O suingue discreto dos paulistas

O poeta traduz em verso uma terra que abriga uma Califórnia e um Texas


João Gabriel de Lima* - Estadão

As pesquisas do 1.º turno davam vitória a Lula e Alckmin em São Paulo, o maior colégio eleitoral do País. Abertas as urnas, Bolsonaro venceu por 1,8 milhão de votos no Estado – número que teria decidido o pleito em favor da coligação liderada pelo PT. Isso significa que a eleição só não se definiu no 1.º turno porque os paulistas “suingaram”, discretamente, para o lado de Bolsonaro.

“Swing state” é a gíria usada pelos americanos para definir os Estados que dão vitória ora aos republicanos, ora aos democratas. “Minas é o ‘swing state’ brasileiro por excelência, mas São Paulo tem tudo para ser decisivo nesta eleição”, diz o cientista político Carlos Melo, do Insper, entrevistado no minipodcast da semana.

Caetano Veloso escreveu que São Paulo “é como o mundo todo”. O poeta traduz em verso uma terra de múltiplas facetas – que, em sua “deselegância discreta”, abriga uma Califórnia e um Texas. Lula e Alckmin querem falar a esses dois públicos para virar o jogo no Estado.
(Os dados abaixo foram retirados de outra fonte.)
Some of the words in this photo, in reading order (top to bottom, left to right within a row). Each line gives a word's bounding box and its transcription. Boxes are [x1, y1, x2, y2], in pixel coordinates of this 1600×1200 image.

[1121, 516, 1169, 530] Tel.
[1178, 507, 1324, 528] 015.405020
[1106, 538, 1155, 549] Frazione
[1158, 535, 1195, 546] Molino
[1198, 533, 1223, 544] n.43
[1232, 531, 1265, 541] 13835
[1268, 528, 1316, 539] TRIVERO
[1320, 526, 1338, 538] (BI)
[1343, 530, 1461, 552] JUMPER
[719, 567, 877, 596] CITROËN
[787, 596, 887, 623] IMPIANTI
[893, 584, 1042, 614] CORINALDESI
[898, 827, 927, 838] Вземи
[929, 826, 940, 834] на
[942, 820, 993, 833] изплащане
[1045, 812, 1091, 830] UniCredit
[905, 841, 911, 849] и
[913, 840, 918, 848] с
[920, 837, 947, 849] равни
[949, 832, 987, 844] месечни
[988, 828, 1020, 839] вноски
A cidade de São Paulo é a Califórnia, celeiro de startups nas áreas financeira, de saúde e de educação. Na megalópole, Fernando Haddad teve mais votos no 1.º turno. O Texas é o interior, com seus rodeios, agronegócio e pesquisa agrícola de ponta. Alckmin é a cara do Texas paulista – e foi escalado para virar o jogo na região.

Os paulistas deram maioria ao PSDB em cinco das seis presidenciais que opuseram petistas a tucanos. Grande parte dos eleitores do Estado não se afina nem com a centro-esquerda de Lula e Alckmin nem com a direita radical de Bolsonaro. Não à toa, o melhor resultado de Simone Tebet no 1.º turno foi em São Paulo.
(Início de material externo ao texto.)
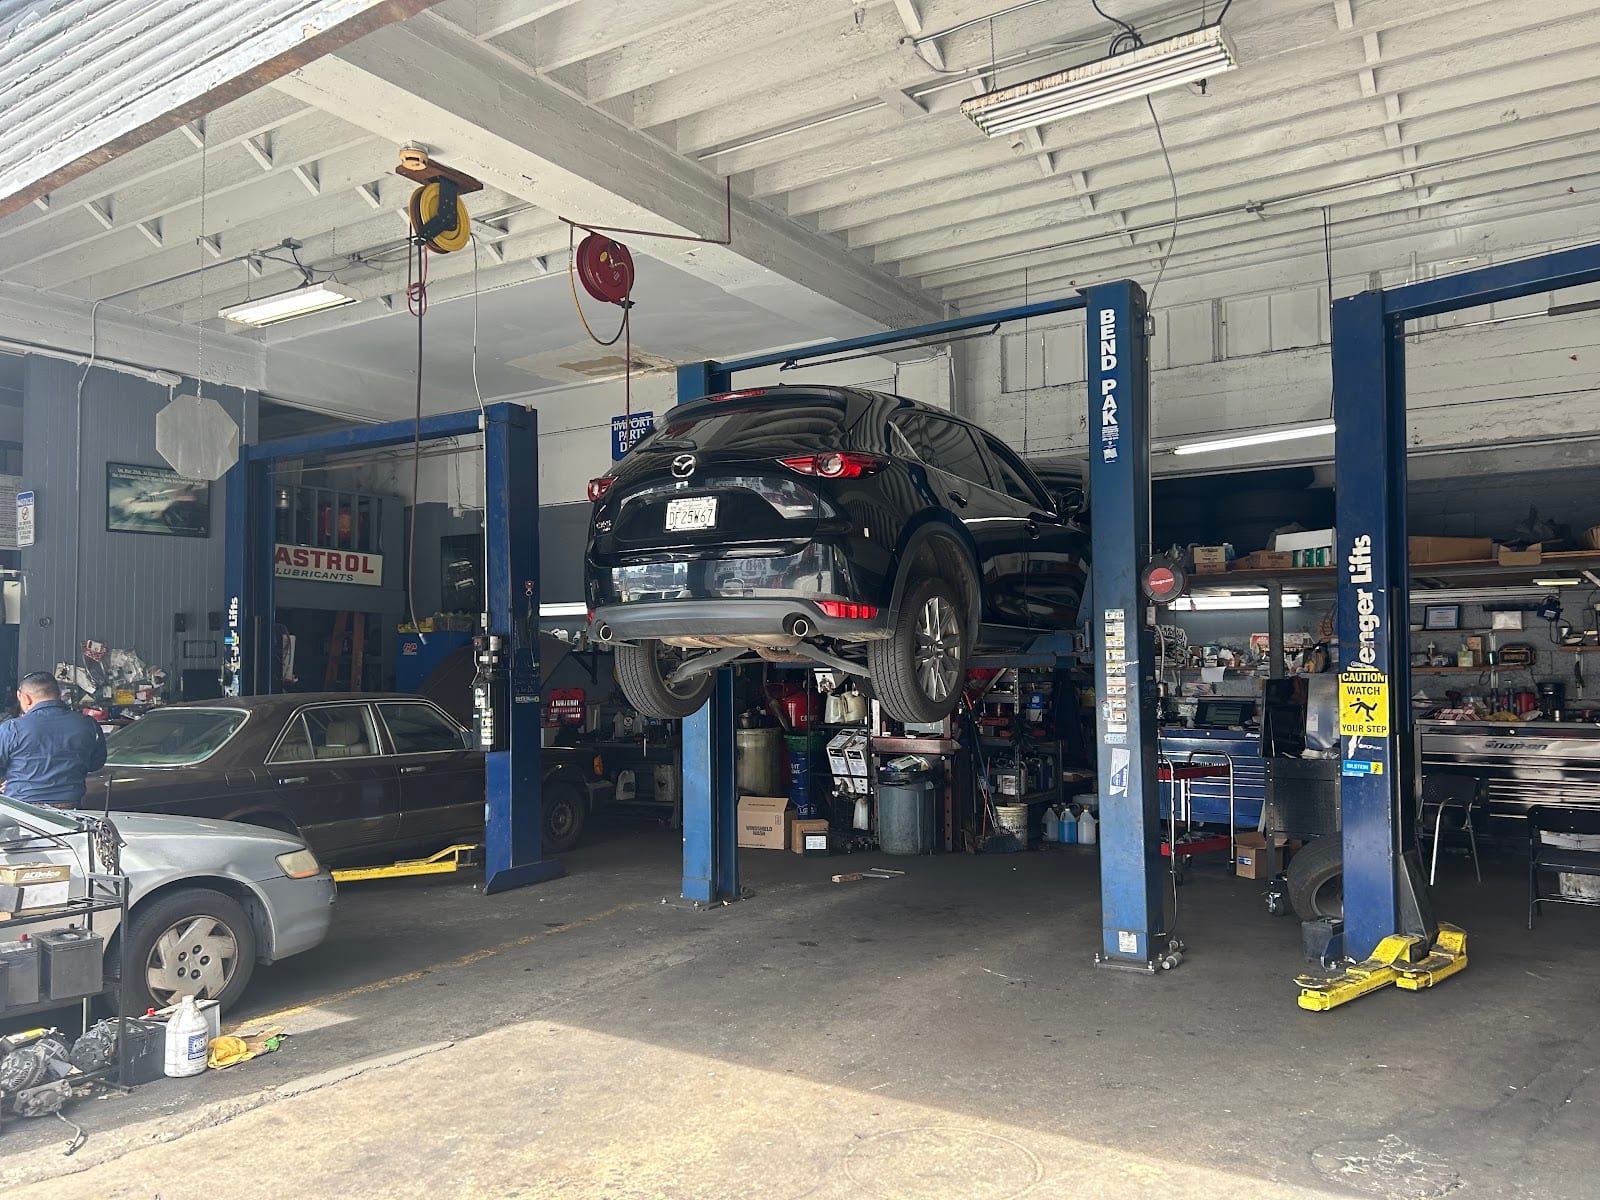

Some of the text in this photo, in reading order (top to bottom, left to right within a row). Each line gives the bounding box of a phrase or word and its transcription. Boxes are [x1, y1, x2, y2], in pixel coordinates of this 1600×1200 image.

[1100, 309, 1117, 371] BEND
[1101, 379, 1118, 426] PAK
[1348, 535, 1372, 583] Lifts
[275, 567, 354, 582] LUBRICANTS
[1342, 672, 1385, 683] CAUTION
[1347, 686, 1380, 695] WATCH
[1342, 724, 1387, 734] YOUR STEP
Para onde irá esse público? Tebet decidiu apoiar Lula, e uma pesquisa do Ipespe mostrou que a maior parte de seus eleitores a acompanhou. Em entrevista ao programa Café Brasil, da Rádio Observador de Lisboa, a economista Elena Landau, coordenadora do programa de Tebet, justificou o apoio a Lula. Landau citou a identidade programática na área ambiental e a defesa da democracia.

A direita liberal se assusta quando Bolsonaro defende ideias que podem “carcomer a democracia”, para usar expressão cunhada pelo Estadão em editorial. É o caso da proposta para mudar a composição do Supremo, recurso usado por Hugo Chávez na Venezuela.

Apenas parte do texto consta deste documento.